You could use the anchor and alias feature of yaml files to propagate the same county across your builld.yaml file, e.g.

    # county: "Santa Clara County"  
    county: &COUNTY "Santa Clara County"

    builds:
      county_only:
        subsampling_scheme: county_only
        region: "North America"
        country: "USA"
        division: "California"
        location: *COUNTY
        title: "COVID Tracker: Santa Clara County, CA"

      county_plus_context:
        subsampling_scheme: county_plus_context
        region: "North America"
        country: "USA"
        division: "California"
        location: *COUNTY
        title: "COVIDTracker: Santa Clara County and related contextual samples"

    # and so on ...

(basically creating a "county" config entry with a string value that propagates to multiple locations of your build definition)
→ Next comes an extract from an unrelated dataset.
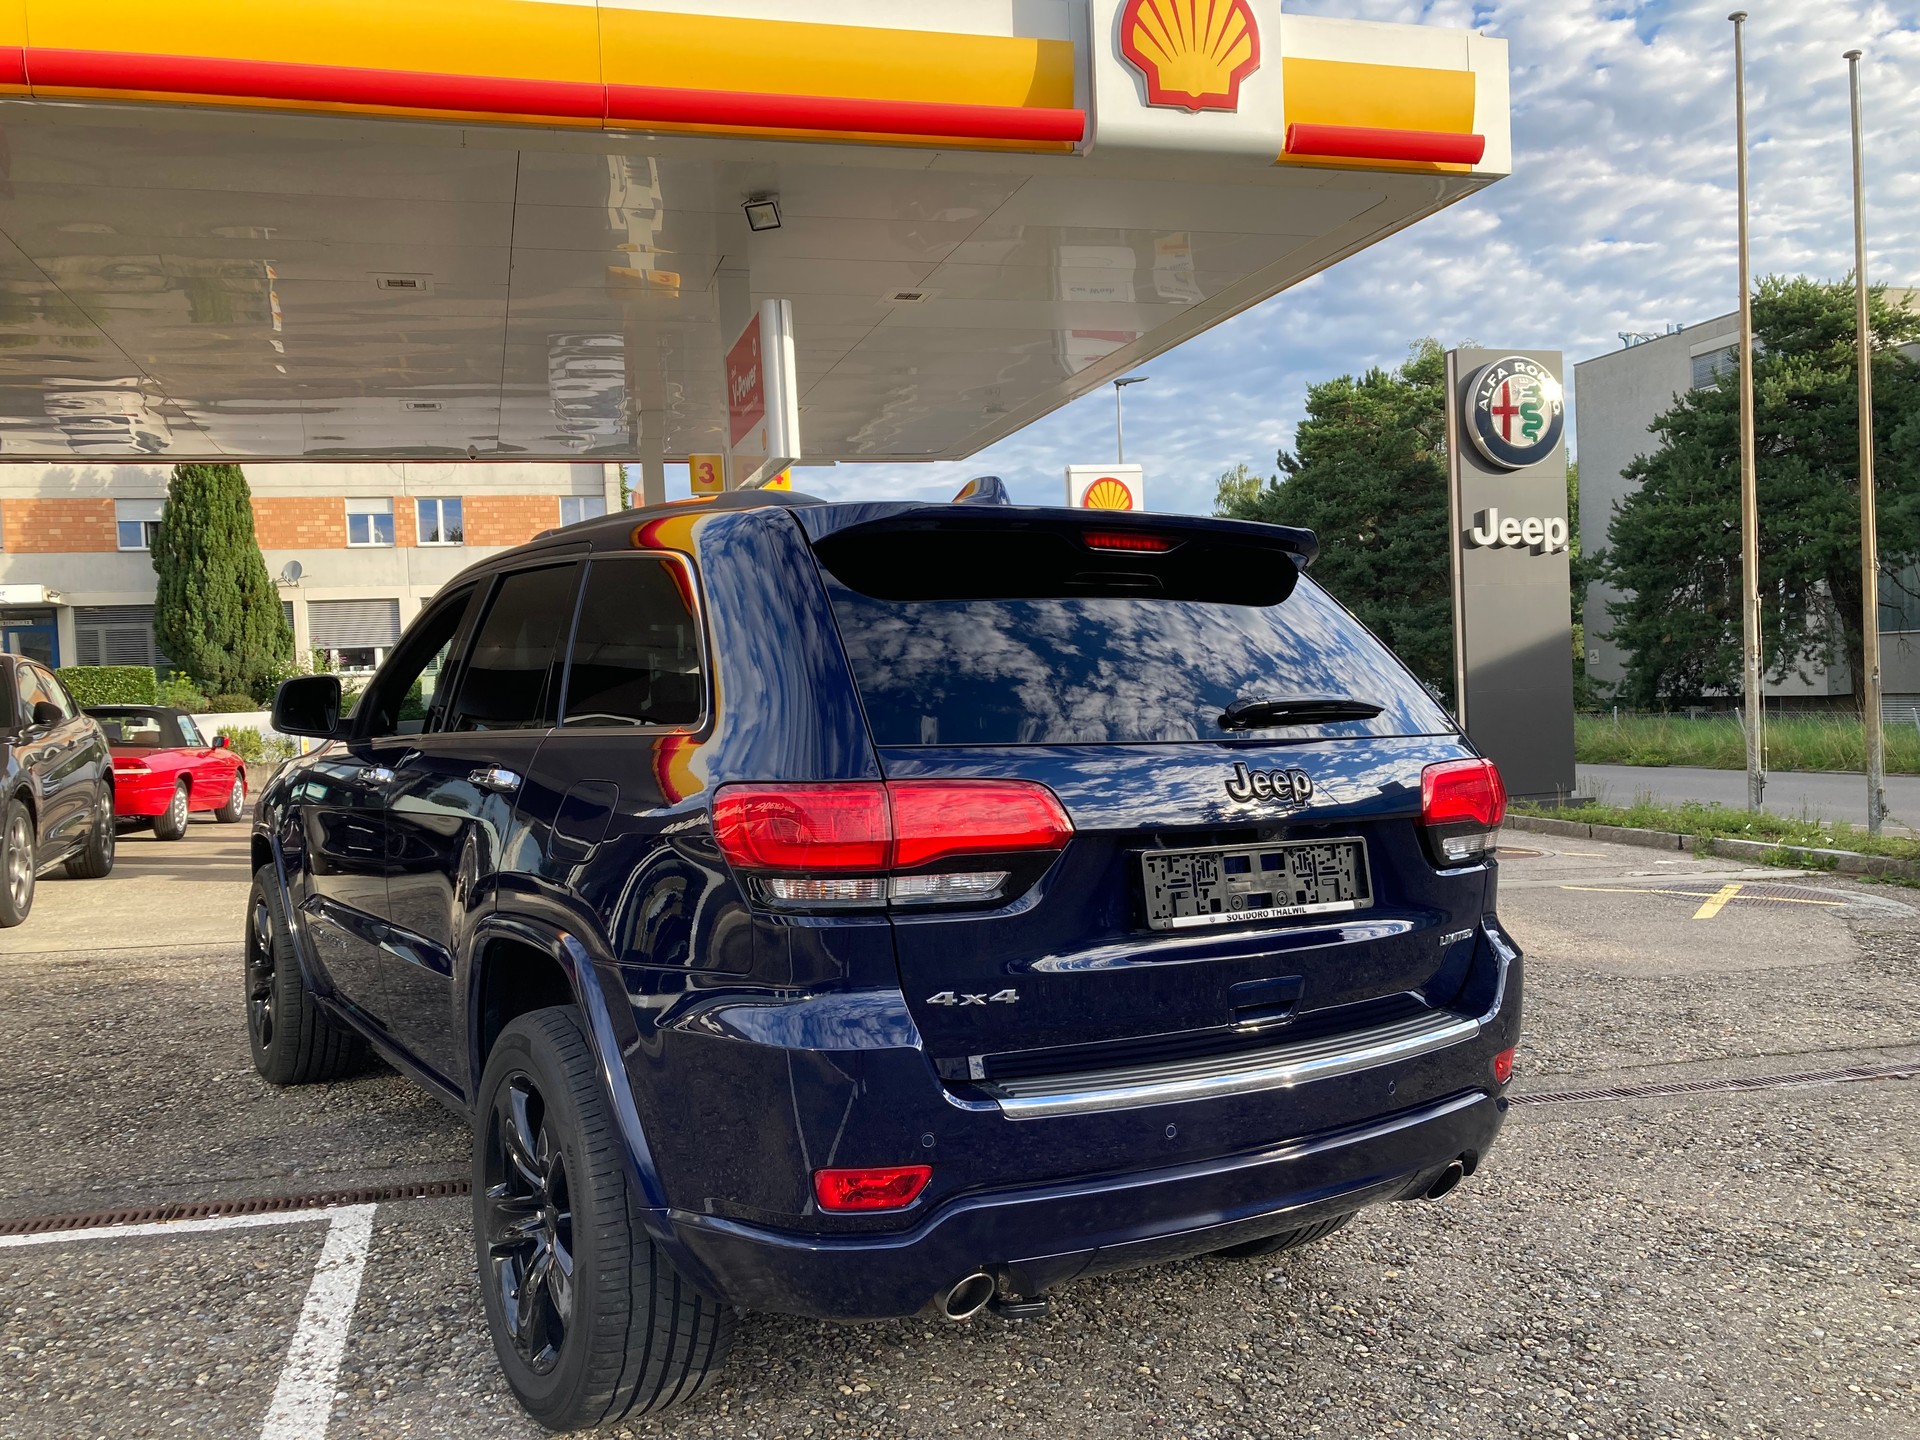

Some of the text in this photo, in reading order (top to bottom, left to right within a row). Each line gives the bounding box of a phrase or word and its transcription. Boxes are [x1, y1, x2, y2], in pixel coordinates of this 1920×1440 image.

The problem is that you can’t override this config parameter from the snakemake command line (or you can, but it doesn’t have the desired effect on the config dictionary (e.g. config[‘builds’][‘county_only’][‘location’], because that is already initialized from builds.yaml with the default value of the county config entry at the time when builds.yaml is read (I just tried that with the my_profiles/example nextstrain profile).

So I think a better approach to your problem (that wouldn’t depend on major modifications in the snakemake rules) would be to wrap your call to snakemake in a script that first generates a builds.yaml config using a template (e.g. with jinja2).

Hope this helps,
Razvan

Thanks so much, @rsultana!

I learned a new thing (anchor & alias) – super appreciated :slight_smile:

Based on input from you and @jlhudd, and my own experimentation, I think there’s a tradeoff – this kind of wildcard customization + cli override is possible, but not if we want to avoid changing the underlying rules (i.e., avoid forking and deviating from the standard build).

For now, I’m defaulting to a script that generates a builds.yaml file as you suggest. I’ll update here if we find some other solution!